[[ Supplied records open ]]

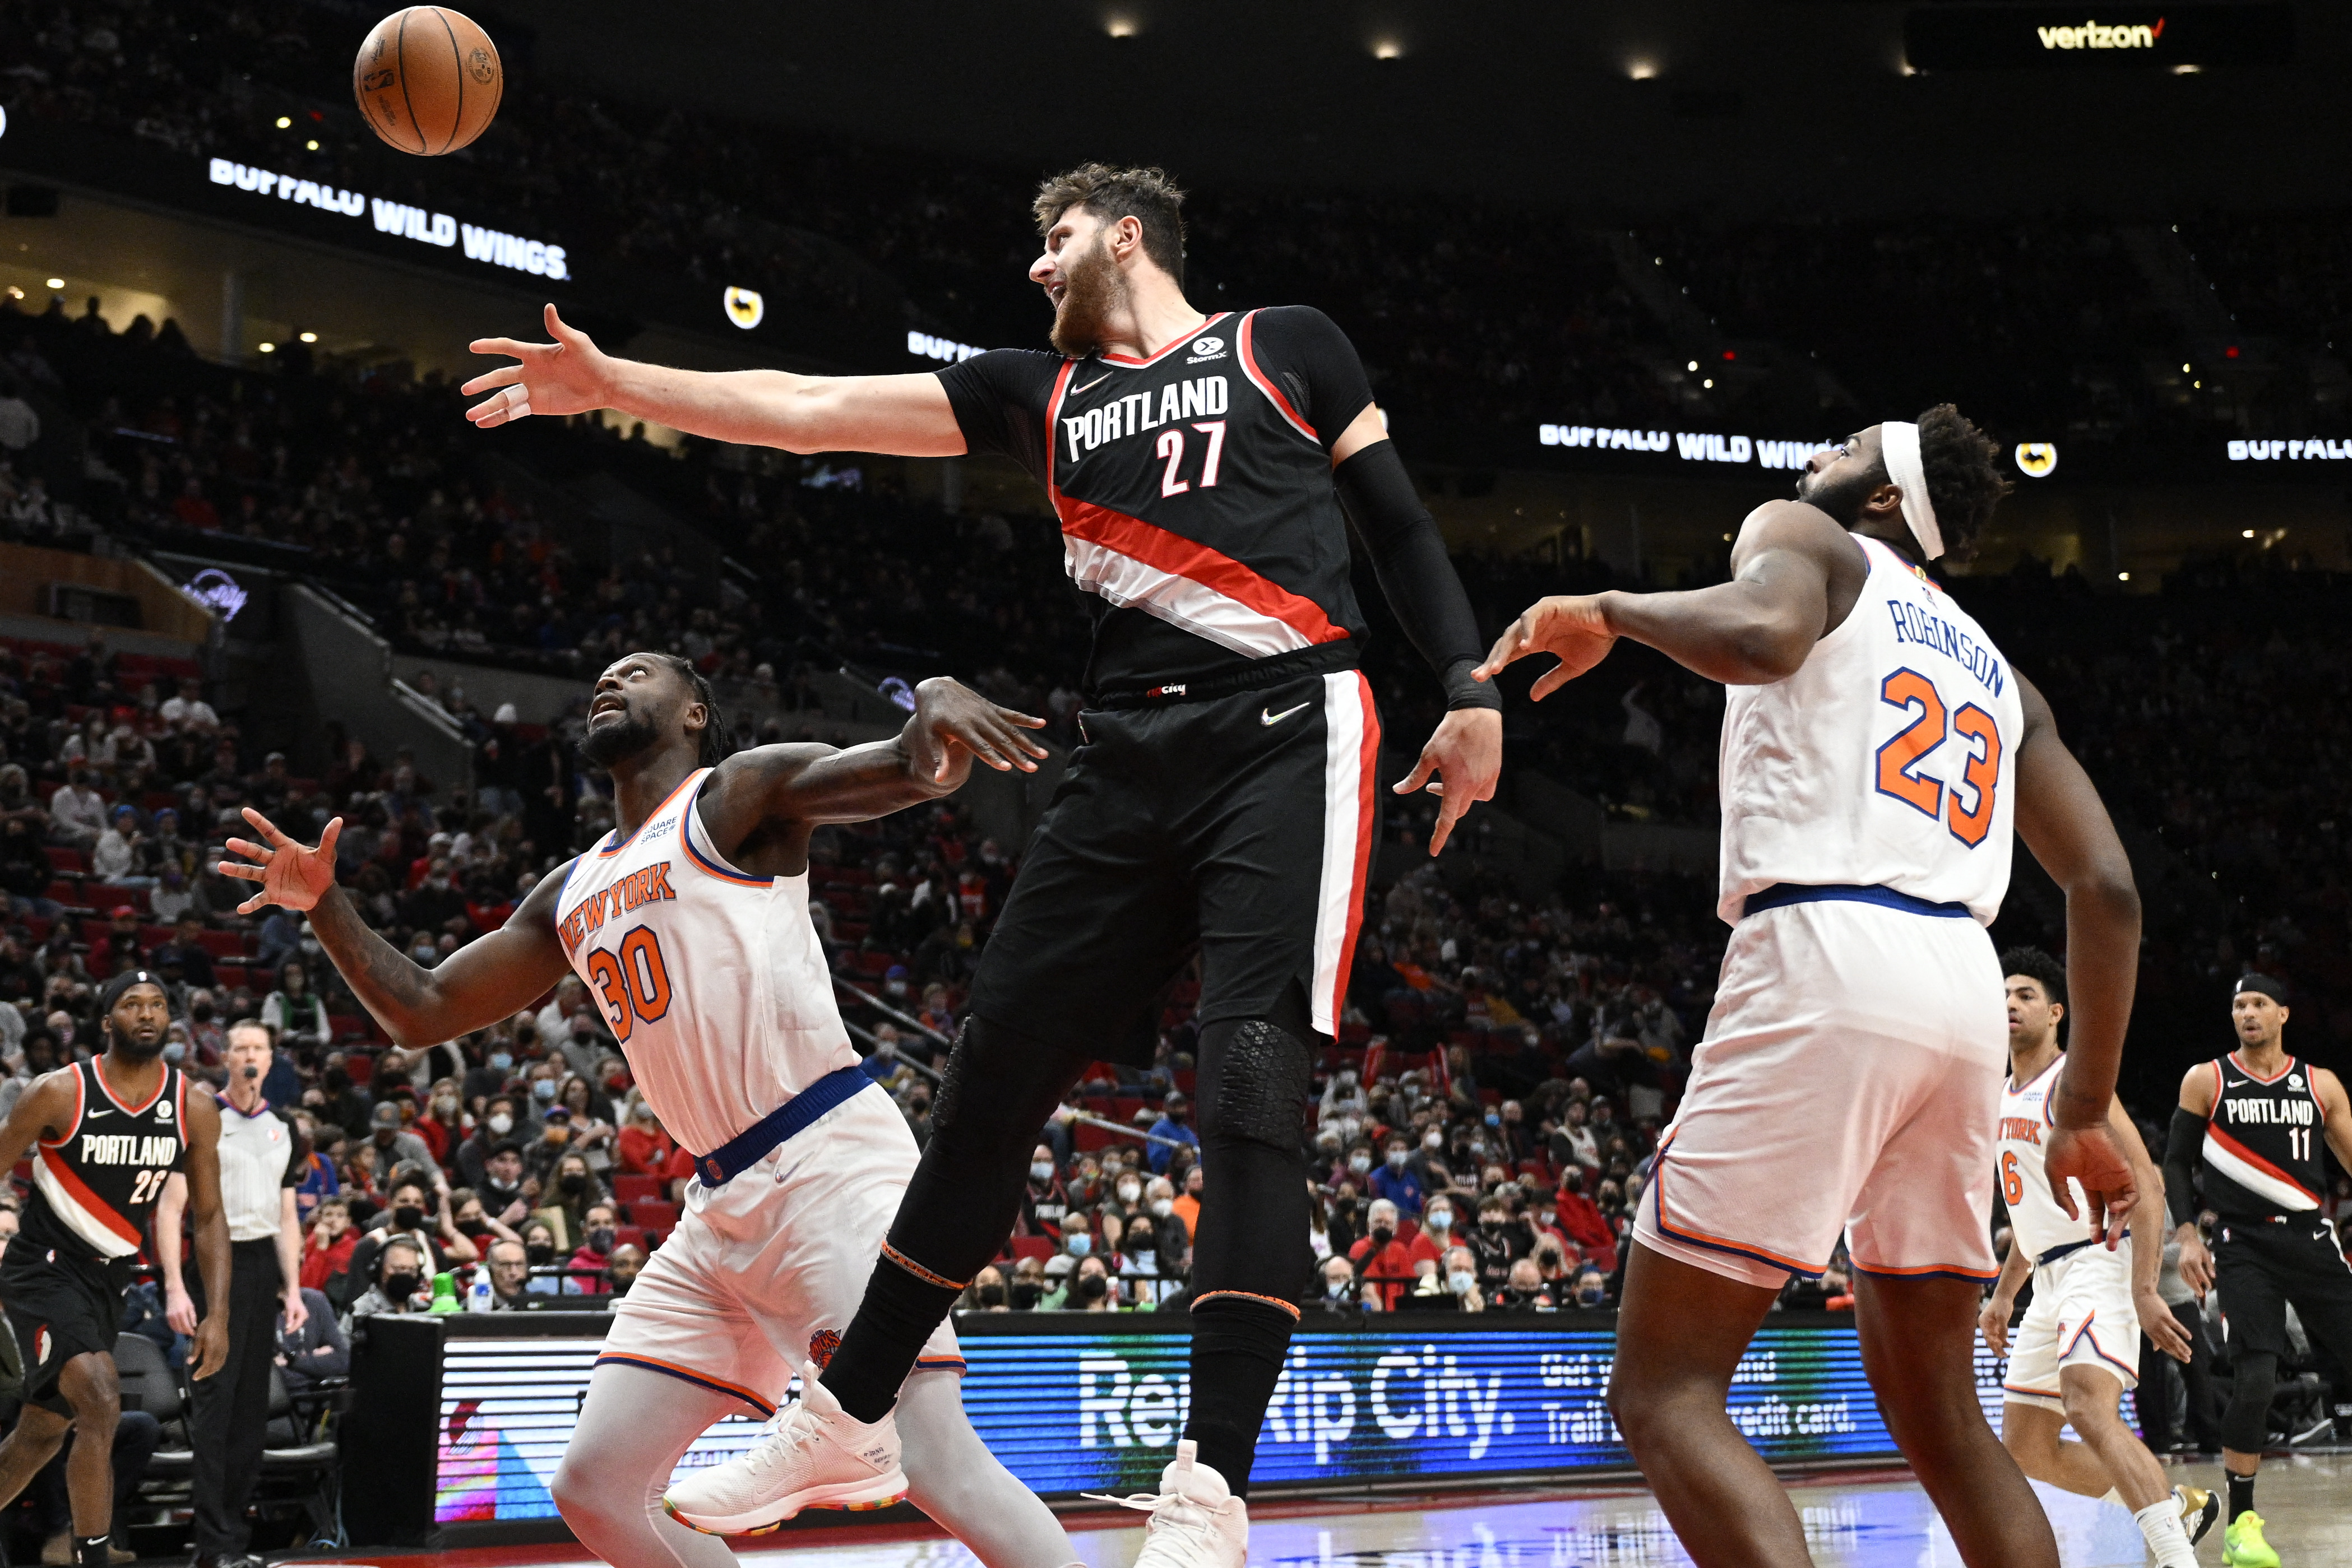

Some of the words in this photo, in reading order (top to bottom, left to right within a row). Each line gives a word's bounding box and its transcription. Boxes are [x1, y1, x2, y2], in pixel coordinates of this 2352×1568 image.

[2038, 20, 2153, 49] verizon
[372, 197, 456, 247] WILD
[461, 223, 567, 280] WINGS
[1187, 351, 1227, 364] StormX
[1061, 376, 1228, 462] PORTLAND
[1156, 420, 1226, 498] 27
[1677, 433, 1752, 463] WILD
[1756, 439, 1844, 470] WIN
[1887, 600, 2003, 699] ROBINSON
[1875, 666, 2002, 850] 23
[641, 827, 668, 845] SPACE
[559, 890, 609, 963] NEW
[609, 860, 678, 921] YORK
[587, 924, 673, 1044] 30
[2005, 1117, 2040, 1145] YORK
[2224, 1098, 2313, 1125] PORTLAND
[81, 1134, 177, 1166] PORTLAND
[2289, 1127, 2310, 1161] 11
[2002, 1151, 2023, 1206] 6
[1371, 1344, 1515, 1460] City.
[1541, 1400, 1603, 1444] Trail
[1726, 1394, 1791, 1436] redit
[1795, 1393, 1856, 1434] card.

[[ Supplied records closed ]]

Return each entry exactly as it appears above, but exclude the pictures.

Some of the words in this photo, in reading order (top to bottom, left to right within a row). Each line gives a word's bounding box and its transcription. Boxes are [x1, y1, x2, y2], in pixel coordinates of this 2352×1568 image.

[2038, 20, 2153, 49] verizon
[372, 197, 456, 247] WILD
[461, 223, 567, 280] WINGS
[1187, 351, 1227, 364] StormX
[1061, 376, 1228, 462] PORTLAND
[1156, 420, 1226, 498] 27
[1677, 433, 1752, 463] WILD
[1756, 439, 1844, 470] WIN
[1887, 600, 2003, 699] ROBINSON
[1875, 666, 2002, 850] 23
[641, 827, 668, 845] SPACE
[559, 890, 609, 963] NEW
[609, 860, 678, 921] YORK
[587, 924, 673, 1044] 30
[2005, 1117, 2040, 1145] YORK
[2224, 1098, 2313, 1125] PORTLAND
[81, 1134, 177, 1166] PORTLAND
[2289, 1127, 2310, 1161] 11
[2002, 1151, 2023, 1206] 6
[1371, 1344, 1515, 1460] City.
[1541, 1400, 1603, 1444] Trail
[1726, 1394, 1791, 1436] redit
[1795, 1393, 1856, 1434] card.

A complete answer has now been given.